Rice Without Rain is set in Thailand during the student riots of the 1970s and it’s warmly readable. Jinda lives in a remote village, where drought has – again – ruined the rice harvest on which everyone depends. Because the villages don’t own their land they are required to give fifty per cent of their harvest to the landlord as rent. That is the situation when some well-meaning students from Bangkok arrive and sow disquiet by suggesting that a much lower percentage would be fairer. Meanwhile Jinda’s older sister Dao (effectively abandoned by her husband) has a baby, Oi, who is dying of malnutrition.

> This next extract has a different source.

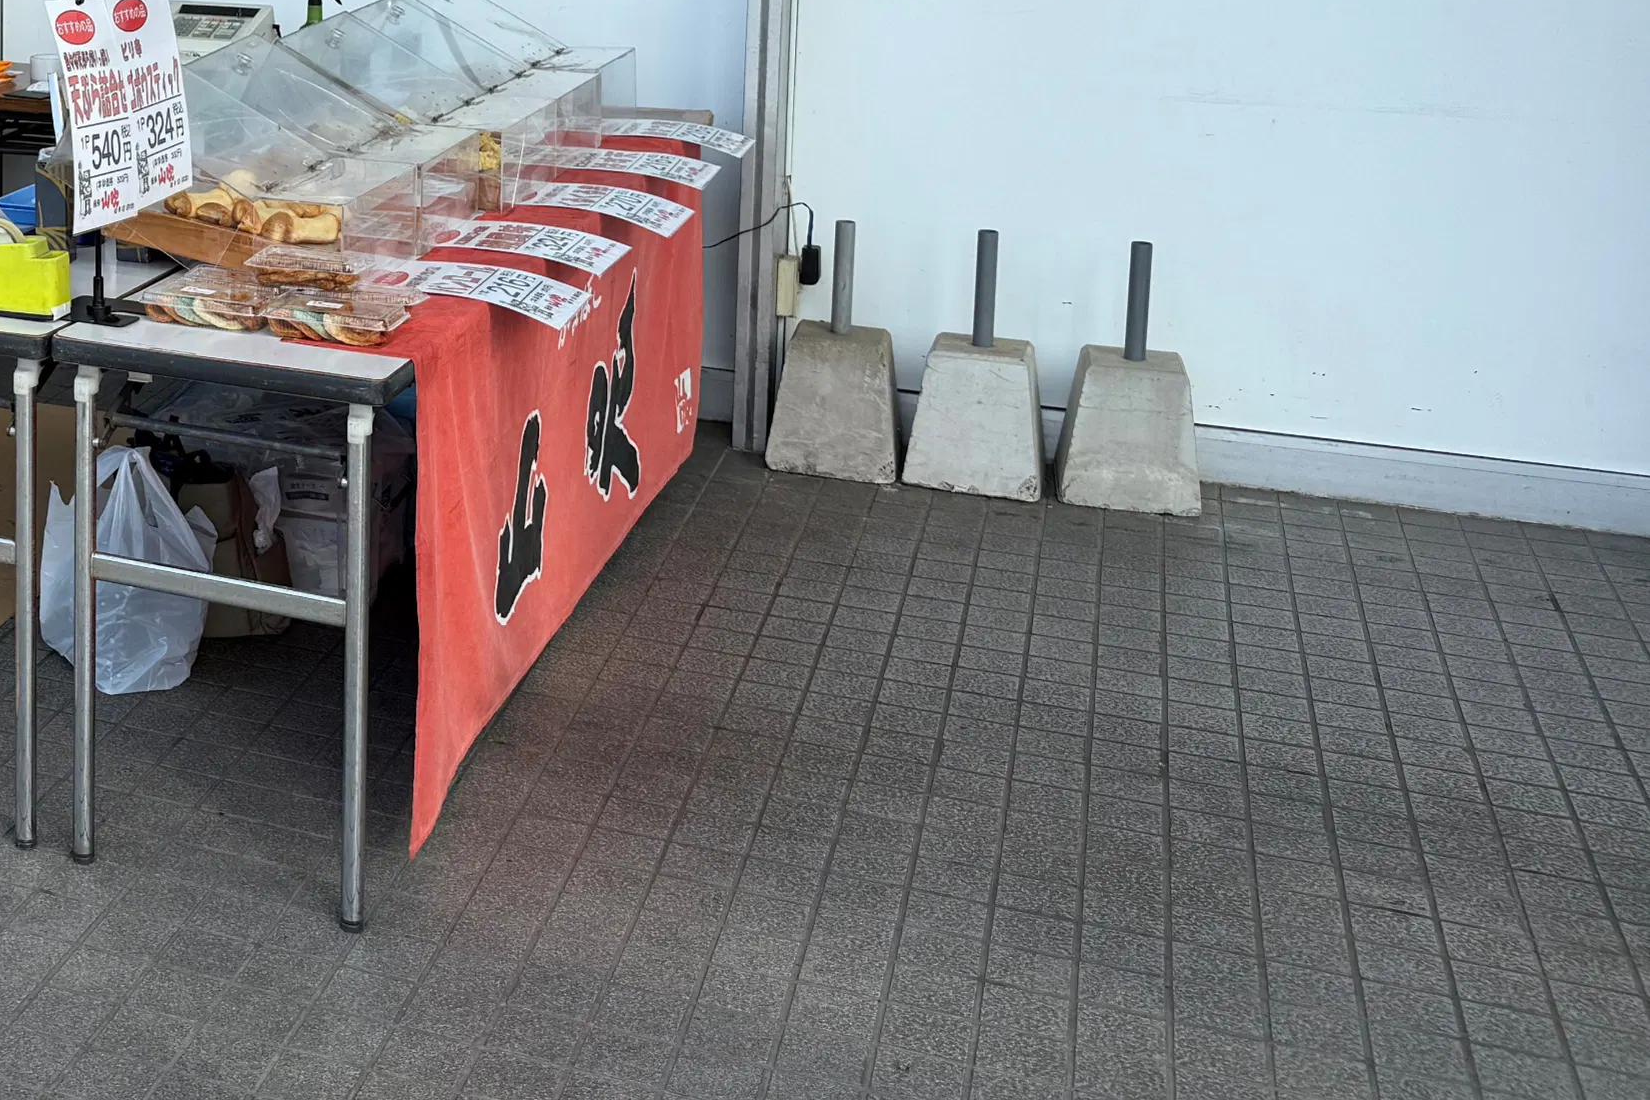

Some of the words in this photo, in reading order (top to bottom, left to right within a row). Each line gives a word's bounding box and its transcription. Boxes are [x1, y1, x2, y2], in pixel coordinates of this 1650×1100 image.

[113, 4, 147, 23] おすすめの品
[56, 18, 94, 35] おすすめの品

It’s a well plotted tale with lots of strands. Jinda’s widowed father, Inthorn the village chief, is badly injured in a farming accident and is, later, arrested. Dao and Jinda are both healthy young women. Dao gets into a toxic relationship with the man who represents the landlord and Jinda is gradually forming an attachment to one of the students. The strong, feisty grandmother is a lovely bit of characterisation. So is her little brother, Pinit. There is a lot of tension between the old ways and the new – symbolised by, for instance, the different approaches to treating Inthorn’s damaged hand. Jinda’s stay in Bangkok highlights this in other ways and we get a first hand account of the riots.
I was surprised when I first read it and still am now, that Minfong Ho’s work (The Clay Marble is a good read too) has never caught on much in Britain and particularly in British schools. It is after all an “other cultures” novel and curriculum devisers have been keenly including these for a long time now. And yet the copy I have is published (1989) in the Hienmann New Windmills Series – erstwhile backbone of English department stock cupboards in British secondary schools – so there must have been an expectation that it would be used, read and taught.
I enjoyed rereading this quite gritty novel very much – not least for its forward looking ending which focuses on new beginnings, fresh life and future possibilities rather than anything slushily traditional.